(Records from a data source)
........

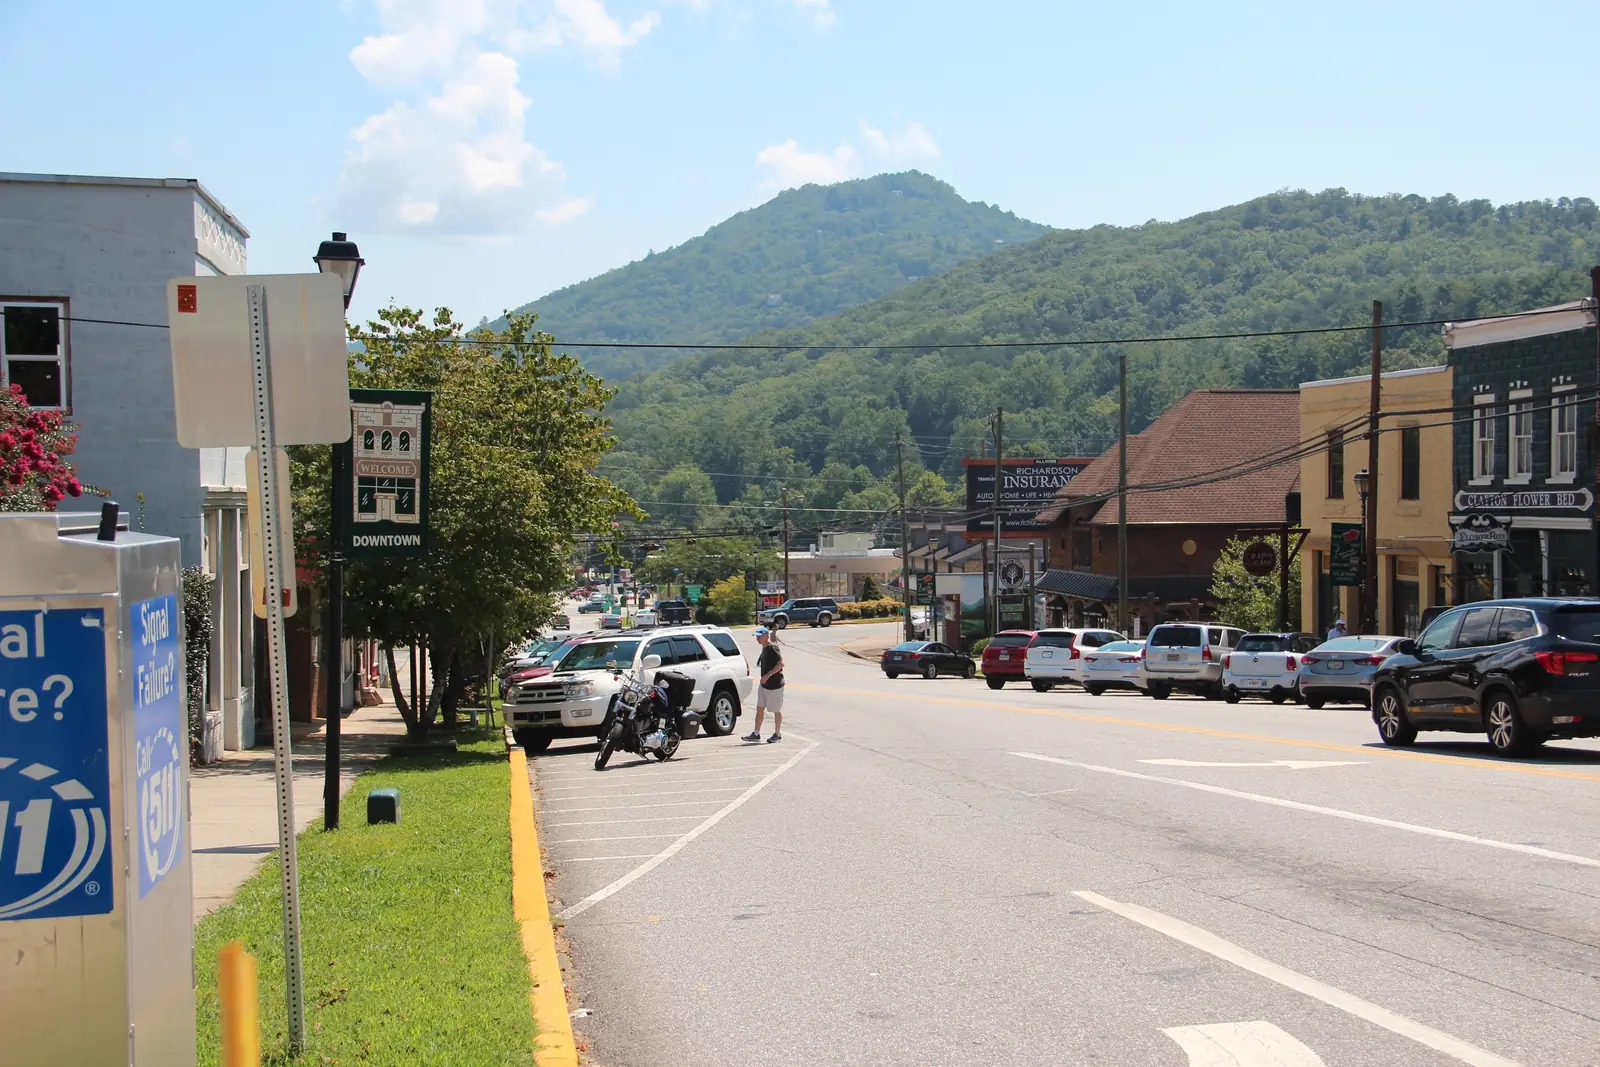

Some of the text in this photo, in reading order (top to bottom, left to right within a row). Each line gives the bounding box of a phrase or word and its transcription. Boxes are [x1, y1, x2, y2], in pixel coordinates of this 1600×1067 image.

[361, 463, 411, 475] WELCOME
[1016, 467, 1078, 475] RICHARDSON
[1468, 493, 1575, 506] CLAYTON FLOWER BED
[353, 535, 421, 547] DOWNTOWN
[141, 598, 170, 653] Signal
[138, 651, 175, 709] Failure?
[136, 736, 151, 777] Call
[149, 762, 174, 844] 511
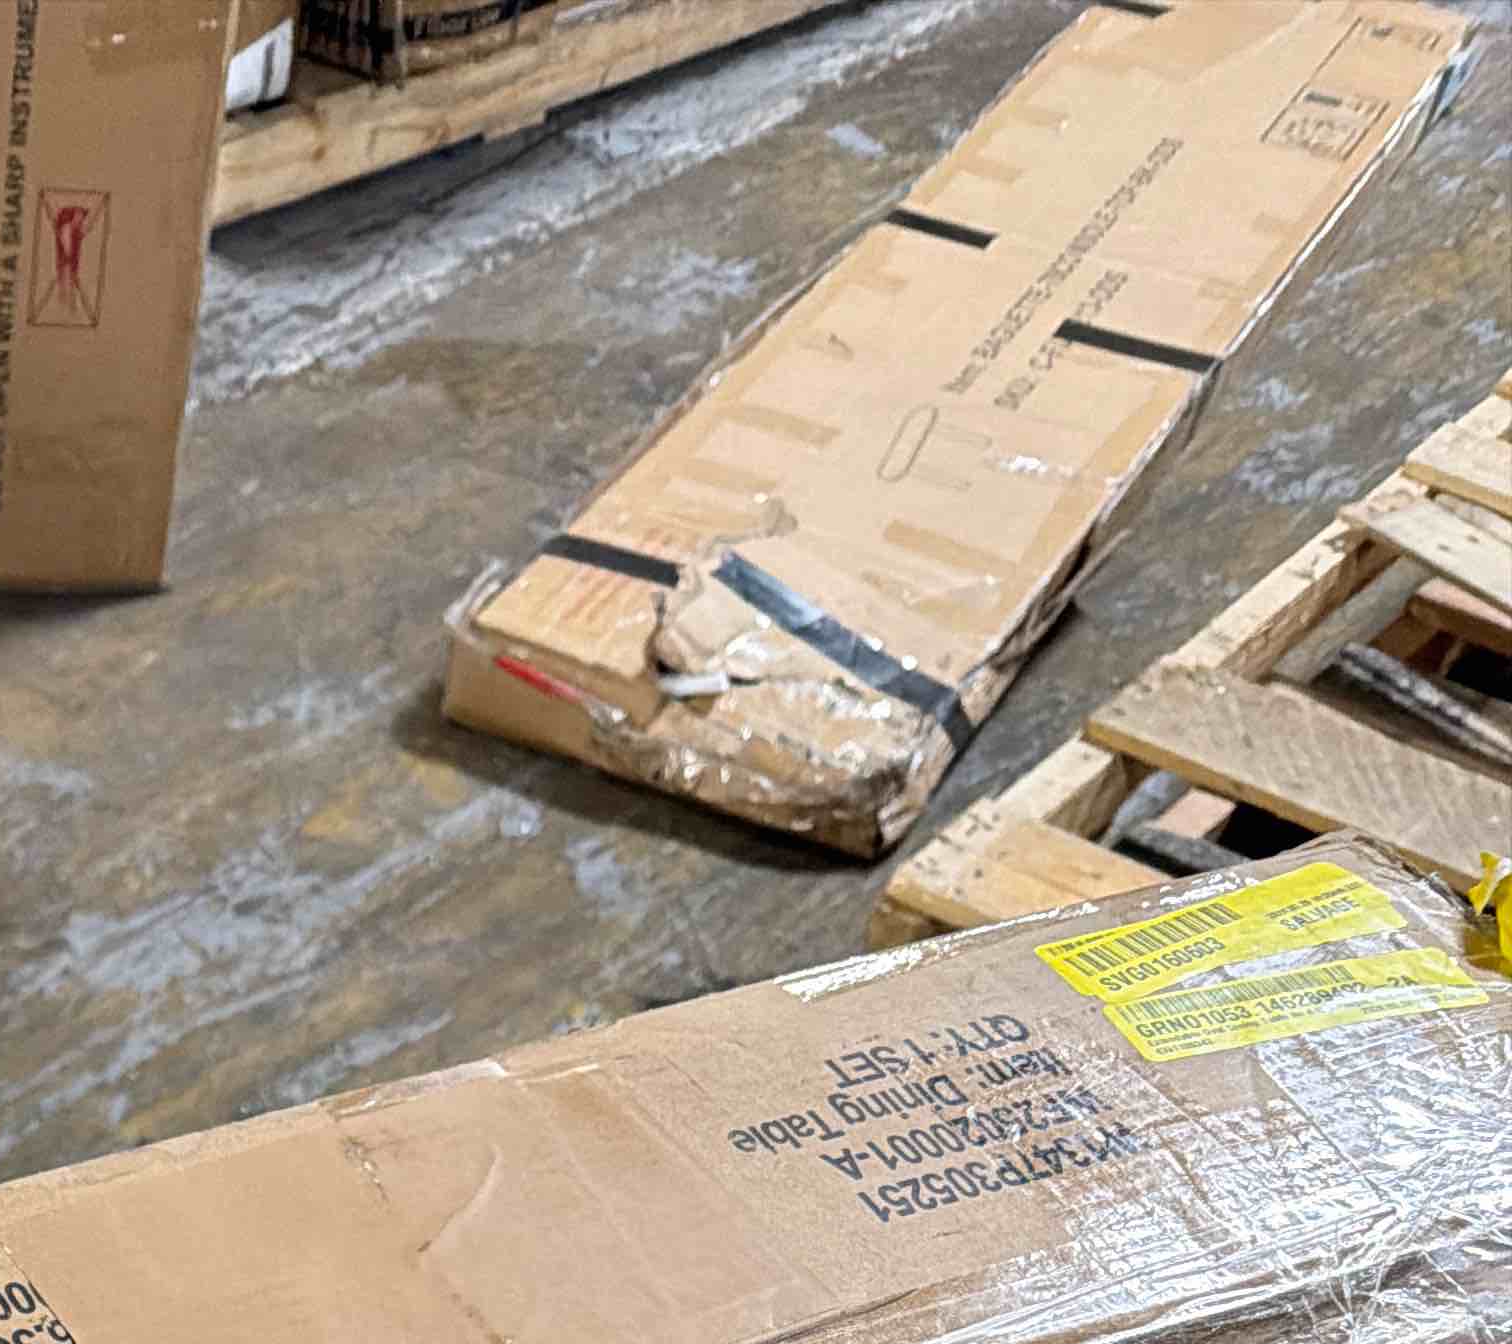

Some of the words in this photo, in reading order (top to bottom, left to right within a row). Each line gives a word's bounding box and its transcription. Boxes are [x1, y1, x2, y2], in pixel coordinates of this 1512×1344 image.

[0, 154, 25, 247] SHARP
[1279, 894, 1362, 933] SALVAGE
[823, 1045, 912, 1091] SET
[965, 1047, 1075, 1091] Item:
[827, 1073, 969, 1127] Dining
[727, 1112, 846, 1155] Table

........

The reply must consist of the records, repeated exactly, minus any images.

Response for this exercise:
Some of the text in this photo, in reading order (top to bottom, left to right within a row). Each line gives the bounding box of a phrase or word and its transcription. Boxes are [x1, y1, x2, y2], in pixel coordinates of this 1600×1067 image.

[361, 463, 411, 475] WELCOME
[1016, 467, 1078, 475] RICHARDSON
[1468, 493, 1575, 506] CLAYTON FLOWER BED
[353, 535, 421, 547] DOWNTOWN
[141, 598, 170, 653] Signal
[138, 651, 175, 709] Failure?
[136, 736, 151, 777] Call
[149, 762, 174, 844] 511

Some of the words in this photo, in reading order (top to bottom, left to right within a row). Each line gives a word's bounding box and its transcription. Boxes are [x1, y1, x2, y2], in pixel coordinates of this 1512×1344 image.

[0, 154, 25, 247] SHARP
[1279, 894, 1362, 933] SALVAGE
[823, 1045, 912, 1091] SET
[965, 1047, 1075, 1091] Item:
[827, 1073, 969, 1127] Dining
[727, 1112, 846, 1155] Table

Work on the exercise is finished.